Another Push at the UK Veal Market

UK - Healthy cows are being killed because there is no market for them, but now animal rights groups are trying to reverse this trend and push veal back on to UK plates.
calendar icon 25 September 2008
clock icon 2 minute read

The UK, which has some of the toughest animal-welfare laws in Europe, and Ireland are the only countries in the region that slaughter large numbers - one in three - of new-born dairy bull calves.

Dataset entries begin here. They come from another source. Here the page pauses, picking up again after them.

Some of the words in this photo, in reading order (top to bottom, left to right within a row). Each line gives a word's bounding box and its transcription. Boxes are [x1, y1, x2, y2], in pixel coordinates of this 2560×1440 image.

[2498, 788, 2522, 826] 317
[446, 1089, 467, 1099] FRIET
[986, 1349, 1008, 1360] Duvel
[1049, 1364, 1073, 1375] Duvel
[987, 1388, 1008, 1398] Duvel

The same animal-welfare groups whose campaigns led to plummeting veal sales since the 1980s now are enlisting retailers such as Tesco Plc and Marks & Spencer Group Plc in a bid to build a local market to rear the animals for beef and veal rather than export them to Europe or kill them on the farm.

Tesco, the U.K.'s biggest supermarket chain, this year said it would buy the bulls to be reared on Tesco beef farms. London-based Marks & Spencer, a clothing retailer that also sells food, in July started selling only British-raised veal. Rather than killing the calves, some farmers send them to continental Europe, where there is a market for veal.

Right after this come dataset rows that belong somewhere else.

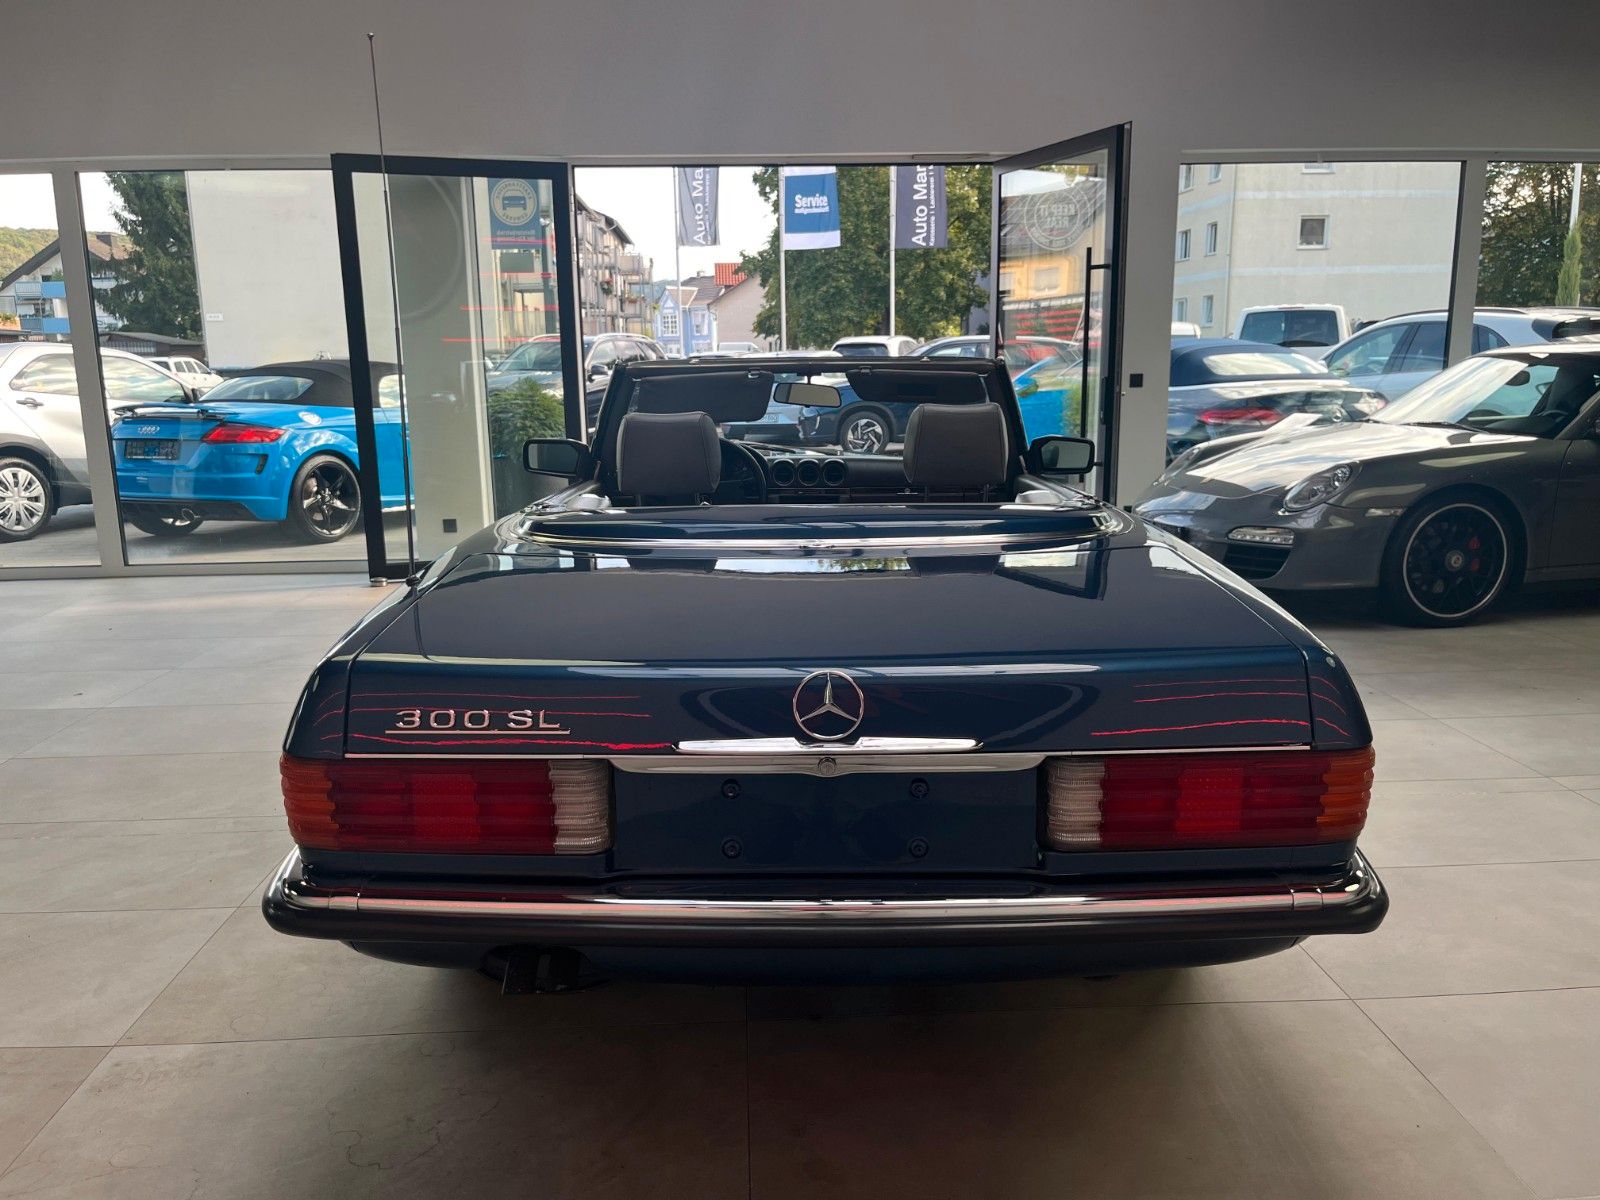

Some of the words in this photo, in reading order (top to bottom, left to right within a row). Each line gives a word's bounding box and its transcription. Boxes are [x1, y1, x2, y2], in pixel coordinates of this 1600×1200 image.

[794, 193, 829, 208] Service
[693, 203, 706, 245] Auto
[911, 205, 928, 247] Auto
[395, 709, 491, 729] 300
[507, 709, 561, 729] SL
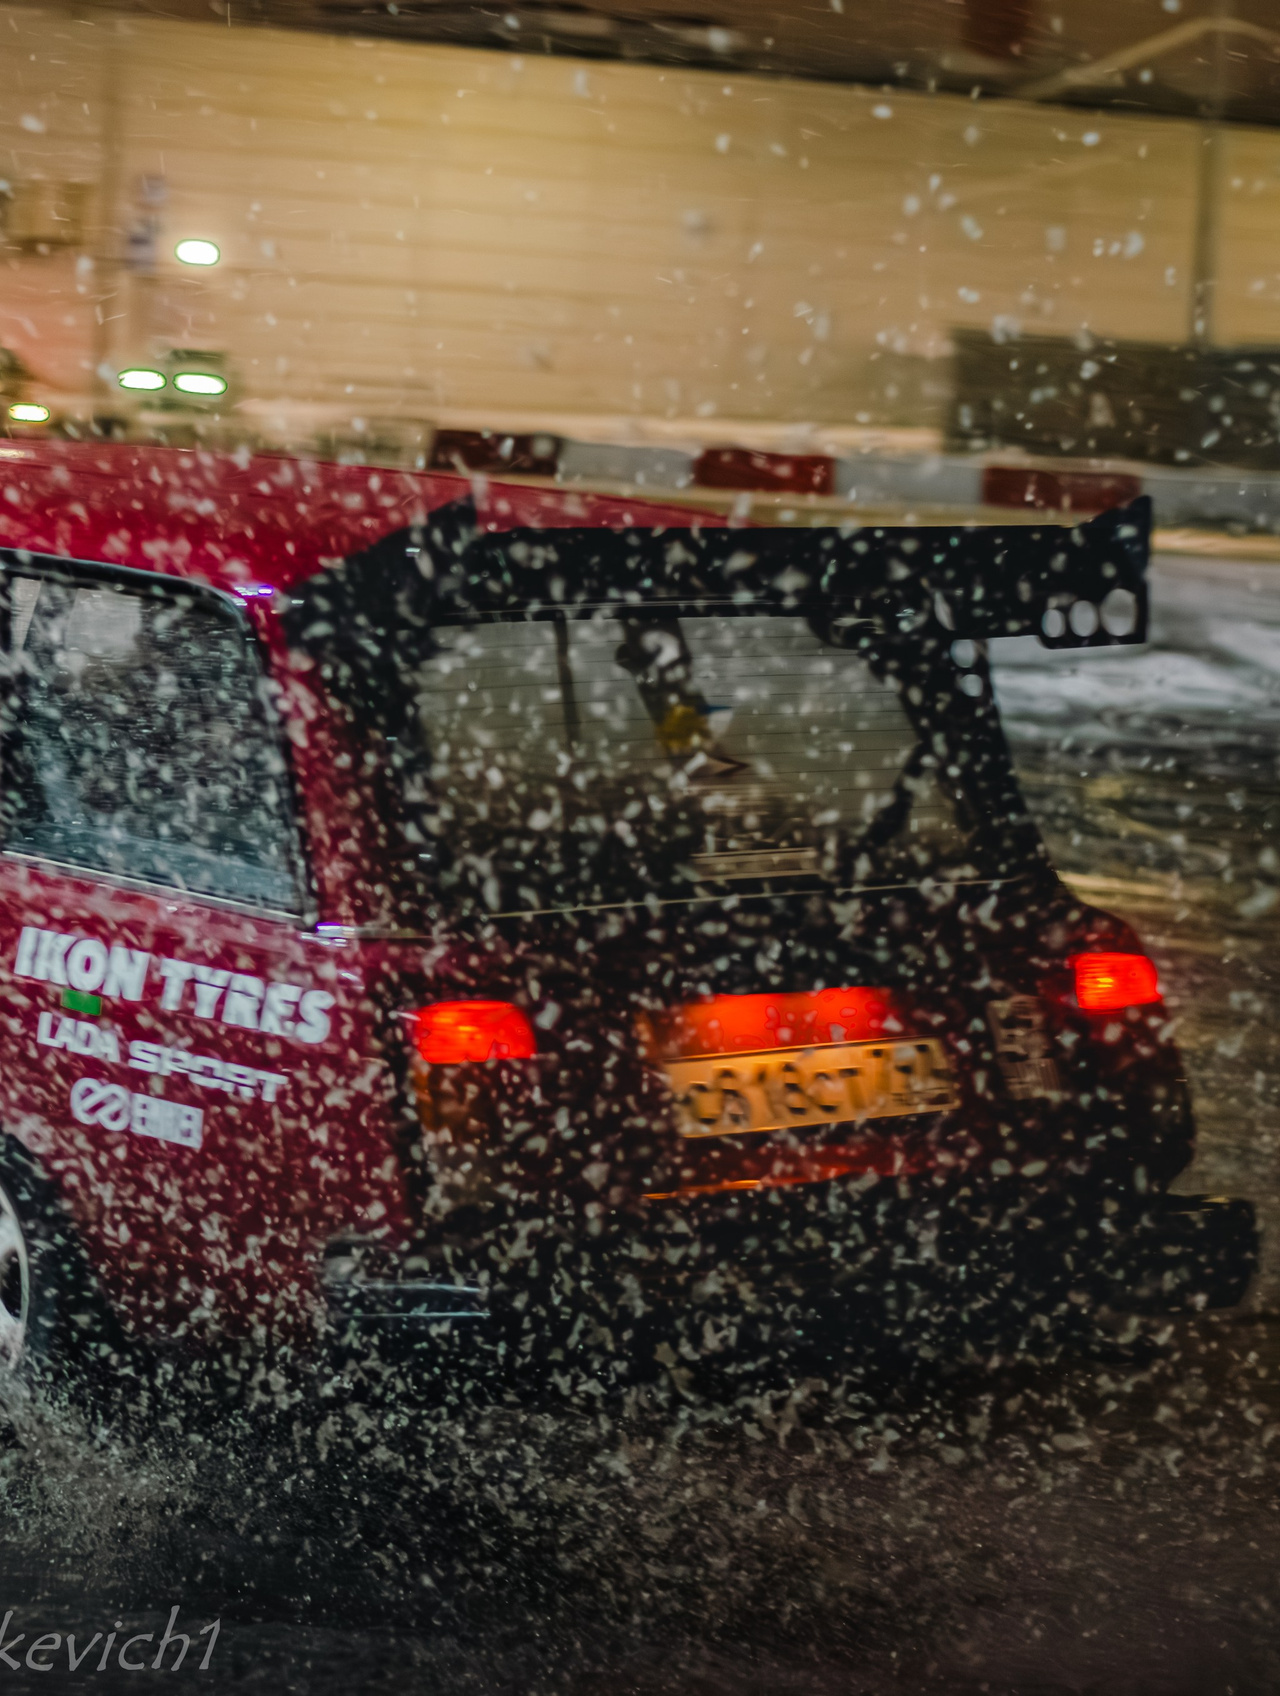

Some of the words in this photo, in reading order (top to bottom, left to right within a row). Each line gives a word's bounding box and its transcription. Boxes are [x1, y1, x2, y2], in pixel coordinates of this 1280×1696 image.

[13, 926, 150, 1002] IKON
[160, 957, 336, 1044] TYRES
[36, 1011, 120, 1063] LADA
[128, 1040, 288, 1103] SPORT

Tesco banned farmers that supply it with milk from exporting bull calves, the primary concern of animal-welfare groups, which oppose how the calves are transported and reared on the continent. Tesco, based in Cheshunt, England, can't prevent farmers from killing newborns, spokesman David Nieberg said.

Those moves were inspired by the Beyond Calf Exports Stakeholders Forum, a group of retailers, farmers and activists that includes the Horsham, England-based Royal Society for the Prevention of Cruelty to Animals, Compassion in World Farming, the Stoneleigh, England-based National Farmers' Union, and retailers such as Tesco and McDonald's Corp.

The forum is an attempt to create a market-based solution to the issue of calf exports and killings while avoiding the clashes seen in the 1980s between animal-welfare groups and the farming industry over the use of cramped crates to rear calves for veal. Those protests led to bans on such practices and crushed the veal market in the U.K.